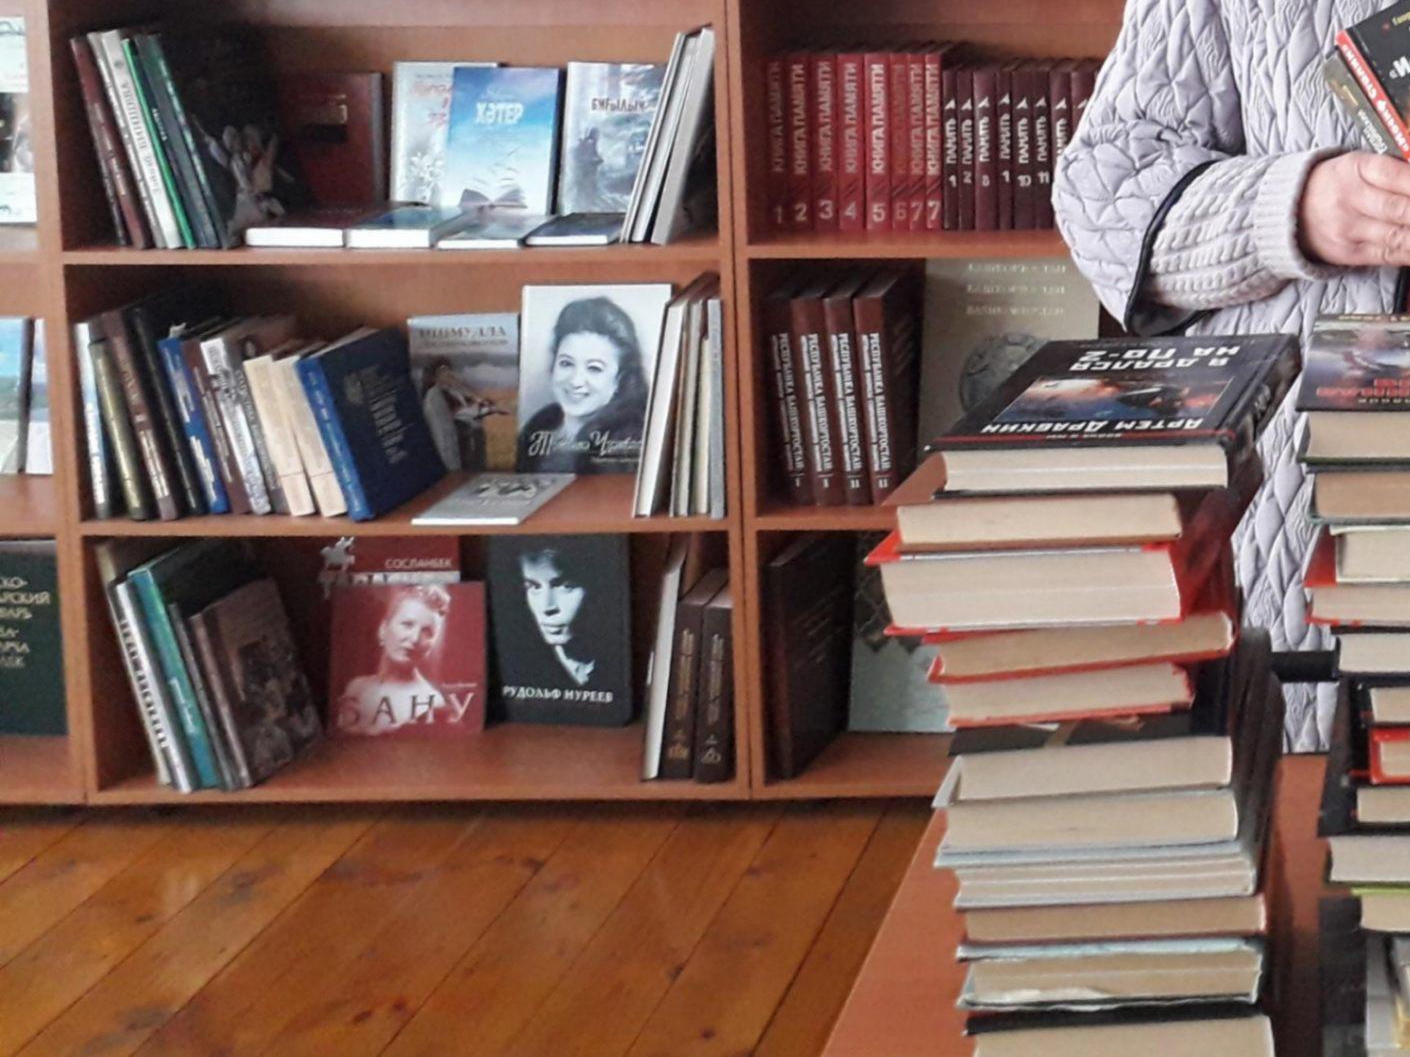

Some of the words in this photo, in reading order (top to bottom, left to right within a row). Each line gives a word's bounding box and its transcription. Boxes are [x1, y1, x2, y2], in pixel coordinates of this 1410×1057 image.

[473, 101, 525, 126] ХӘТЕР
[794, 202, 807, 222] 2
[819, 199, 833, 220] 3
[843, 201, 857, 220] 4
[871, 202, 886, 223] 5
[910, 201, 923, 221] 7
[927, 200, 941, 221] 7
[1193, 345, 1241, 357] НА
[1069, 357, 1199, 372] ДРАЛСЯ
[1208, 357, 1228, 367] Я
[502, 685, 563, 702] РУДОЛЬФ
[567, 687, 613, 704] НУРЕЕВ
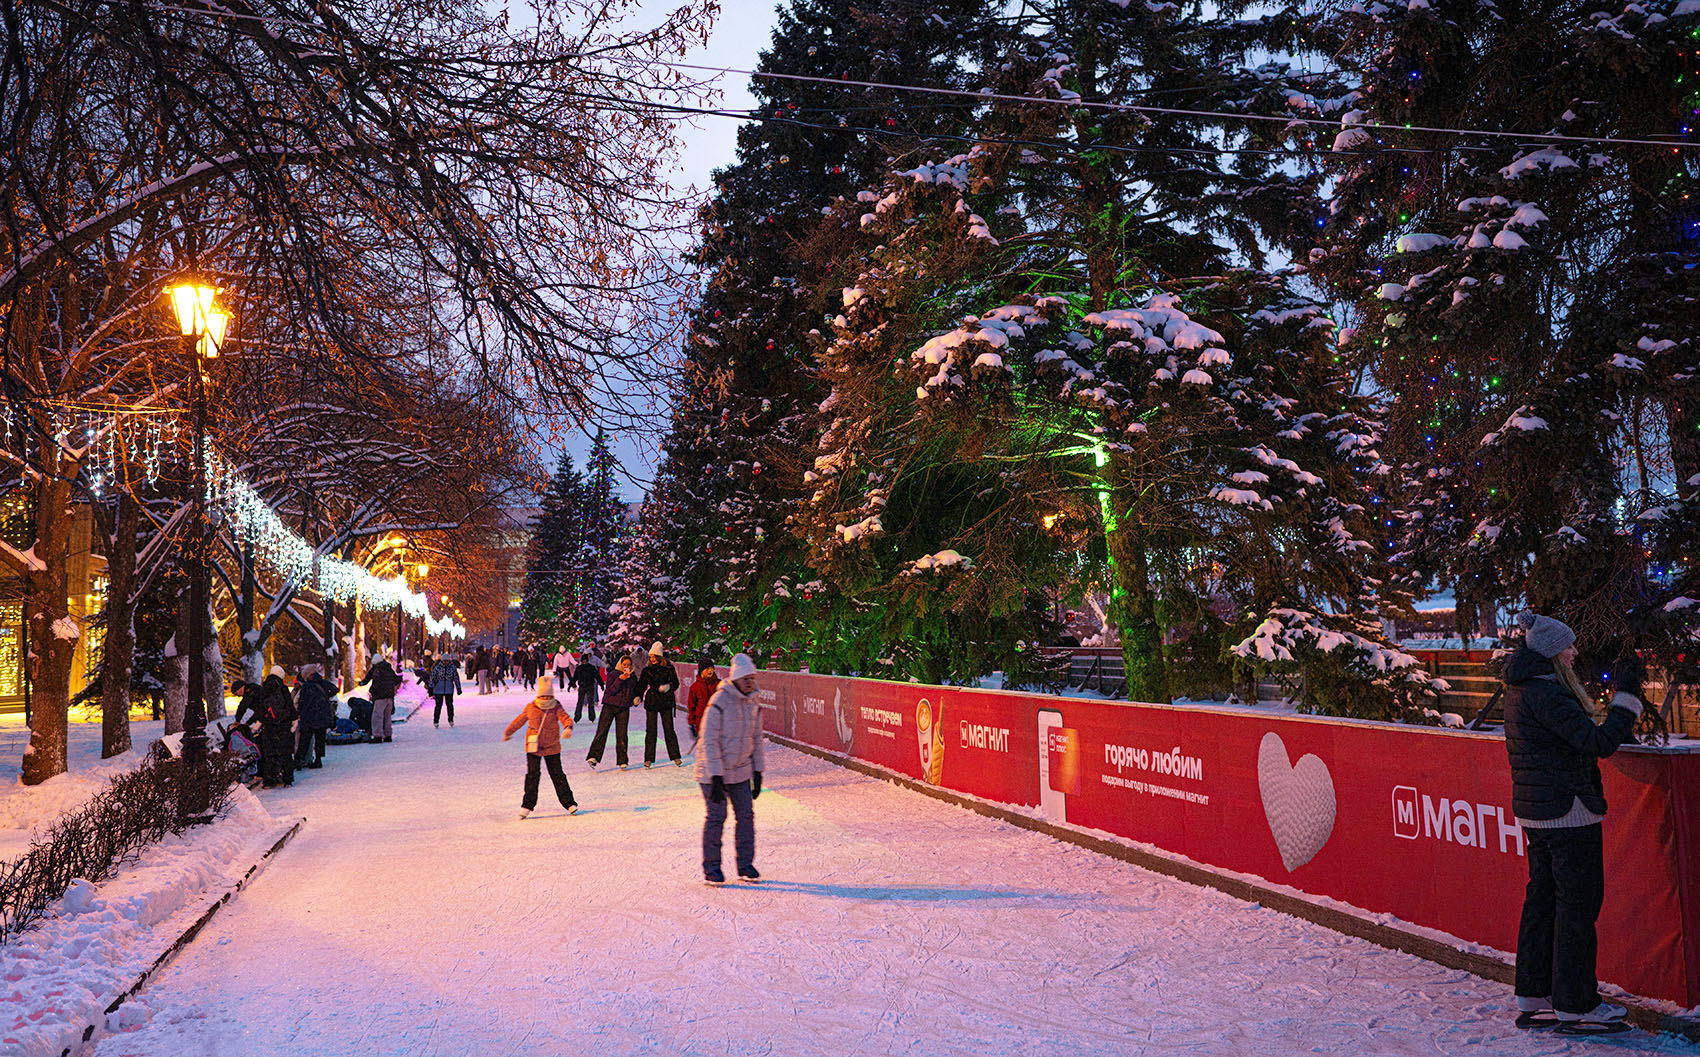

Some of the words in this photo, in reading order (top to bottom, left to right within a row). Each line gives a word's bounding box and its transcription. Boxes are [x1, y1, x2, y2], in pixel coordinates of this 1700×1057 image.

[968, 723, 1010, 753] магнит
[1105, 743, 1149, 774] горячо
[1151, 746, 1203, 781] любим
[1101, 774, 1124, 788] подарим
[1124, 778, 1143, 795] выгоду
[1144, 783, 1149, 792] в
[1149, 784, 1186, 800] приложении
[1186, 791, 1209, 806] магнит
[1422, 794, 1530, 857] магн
= = = =
#### [Activity]
From the first line to the last, write out the data above exactly. Omit the pictures.

#### [Response]
Some of the words in this photo, in reading order (top to bottom, left to right within a row). Each line gives a word's bounding box and its transcription. Boxes are [x1, y1, x2, y2], in pixel coordinates of this 1410×1057 image.

[473, 101, 525, 126] ХӘТЕР
[794, 202, 807, 222] 2
[819, 199, 833, 220] 3
[843, 201, 857, 220] 4
[871, 202, 886, 223] 5
[910, 201, 923, 221] 7
[927, 200, 941, 221] 7
[1193, 345, 1241, 357] НА
[1069, 357, 1199, 372] ДРАЛСЯ
[1208, 357, 1228, 367] Я
[502, 685, 563, 702] РУДОЛЬФ
[567, 687, 613, 704] НУРЕЕВ

Some of the words in this photo, in reading order (top to bottom, left to right within a row). Each line gives a word's bounding box and its transcription. Boxes are [x1, y1, x2, y2], in pixel coordinates of this 1700×1057 image.

[968, 723, 1010, 753] магнит
[1105, 743, 1149, 774] горячо
[1151, 746, 1203, 781] любим
[1101, 774, 1124, 788] подарим
[1124, 778, 1143, 795] выгоду
[1144, 783, 1149, 792] в
[1149, 784, 1186, 800] приложении
[1186, 791, 1209, 806] магнит
[1422, 794, 1530, 857] магн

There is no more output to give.